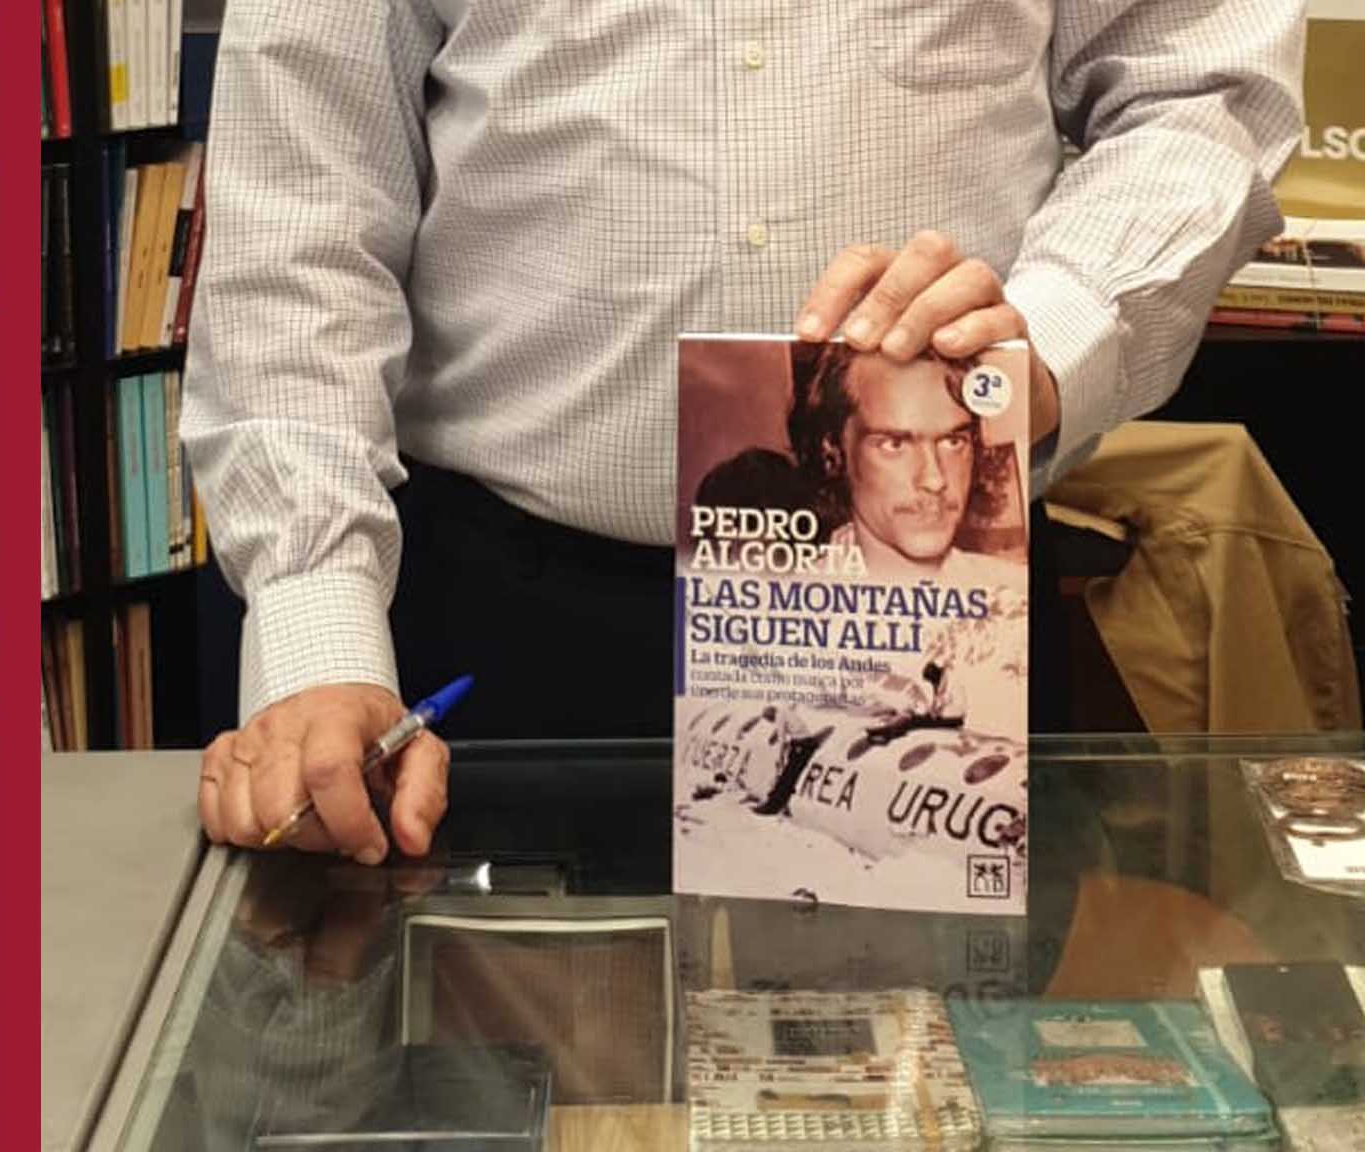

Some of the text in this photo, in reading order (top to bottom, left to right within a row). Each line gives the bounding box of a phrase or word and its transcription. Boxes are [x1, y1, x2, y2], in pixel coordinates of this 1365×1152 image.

[689, 505, 819, 541] PEDRO
[690, 540, 868, 578] ALGORTA
[690, 578, 989, 620] LAS MONTAÑAS
[689, 614, 922, 653] SIGUEN ALLÍ
[690, 649, 891, 673] La tragedia de los Andes
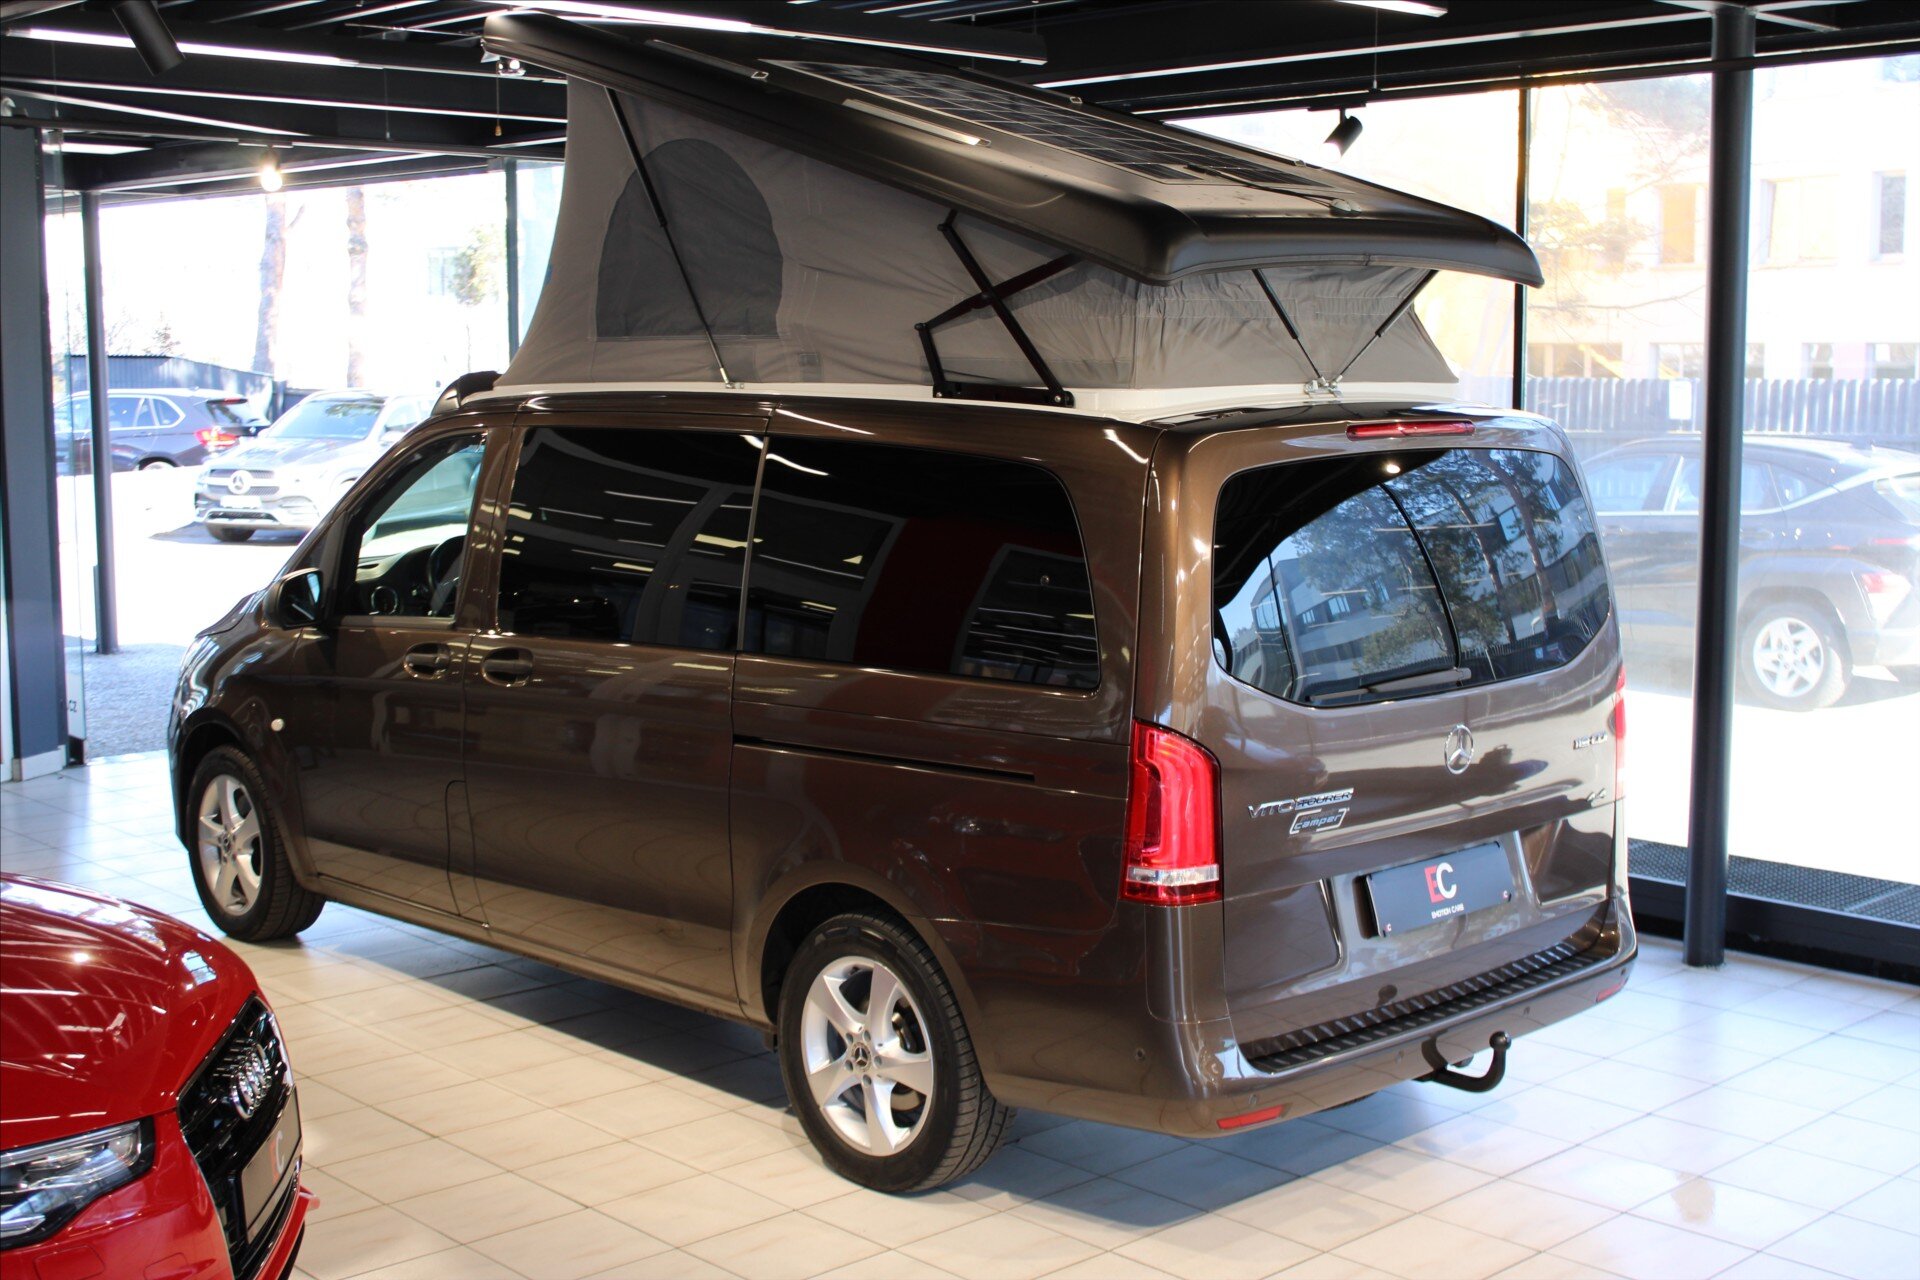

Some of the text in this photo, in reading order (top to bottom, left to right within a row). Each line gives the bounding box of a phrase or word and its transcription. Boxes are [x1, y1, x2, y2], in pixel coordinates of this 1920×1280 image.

[1248, 799, 1296, 819] VITO
[1293, 814, 1342, 831] camper
[1424, 862, 1457, 904] EC
[1431, 907, 1452, 920] EMOTION
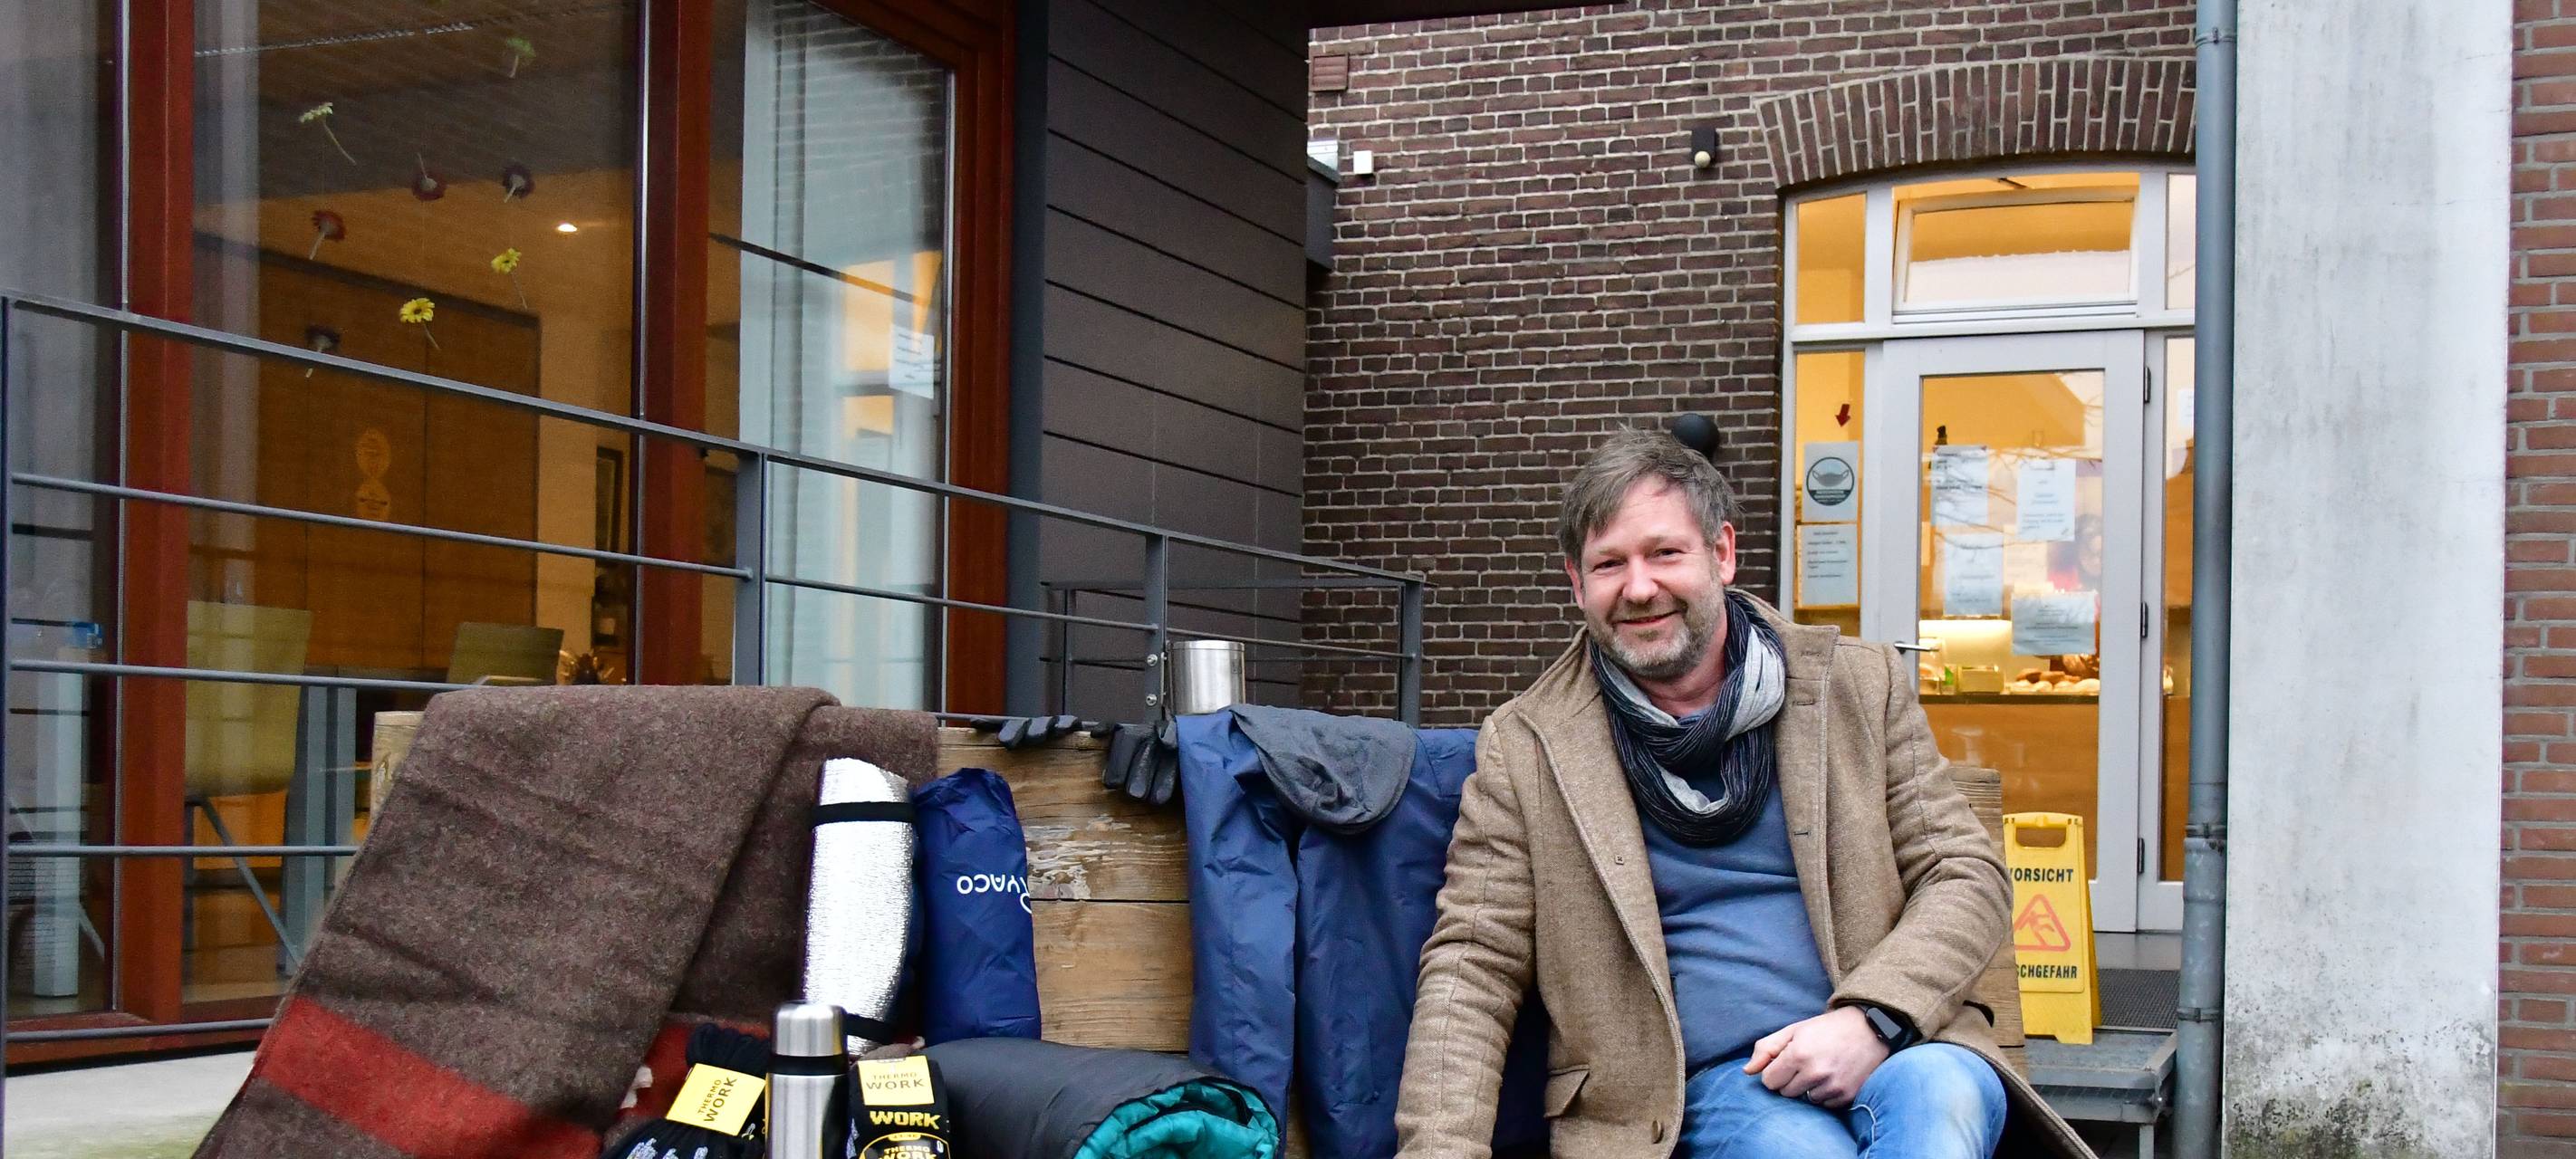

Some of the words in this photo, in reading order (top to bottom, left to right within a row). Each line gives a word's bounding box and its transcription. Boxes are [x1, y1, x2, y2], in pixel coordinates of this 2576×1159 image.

[2010, 867, 2073, 882] ORSICHT
[866, 1079, 924, 1089] WORK
[697, 1079, 721, 1115] THERMO
[704, 1078, 737, 1122] WORK
[870, 1110, 941, 1130] WORK
[884, 1145, 930, 1154] THERMO

GOAL OF THE EXERCISE: After locating the line containing "Some of the words", give that line and every later line of the listing again exactly, up to and including the last.

TASK OUTPUT:
Some of the words in this photo, in reading order (top to bottom, left to right within a row). Each line gives a word's bounding box and its transcription. Boxes are [x1, y1, x2, y2], in pixel coordinates of this 2576×1159 image.

[2010, 867, 2073, 882] ORSICHT
[866, 1079, 924, 1089] WORK
[697, 1079, 721, 1115] THERMO
[704, 1078, 737, 1122] WORK
[870, 1110, 941, 1130] WORK
[884, 1145, 930, 1154] THERMO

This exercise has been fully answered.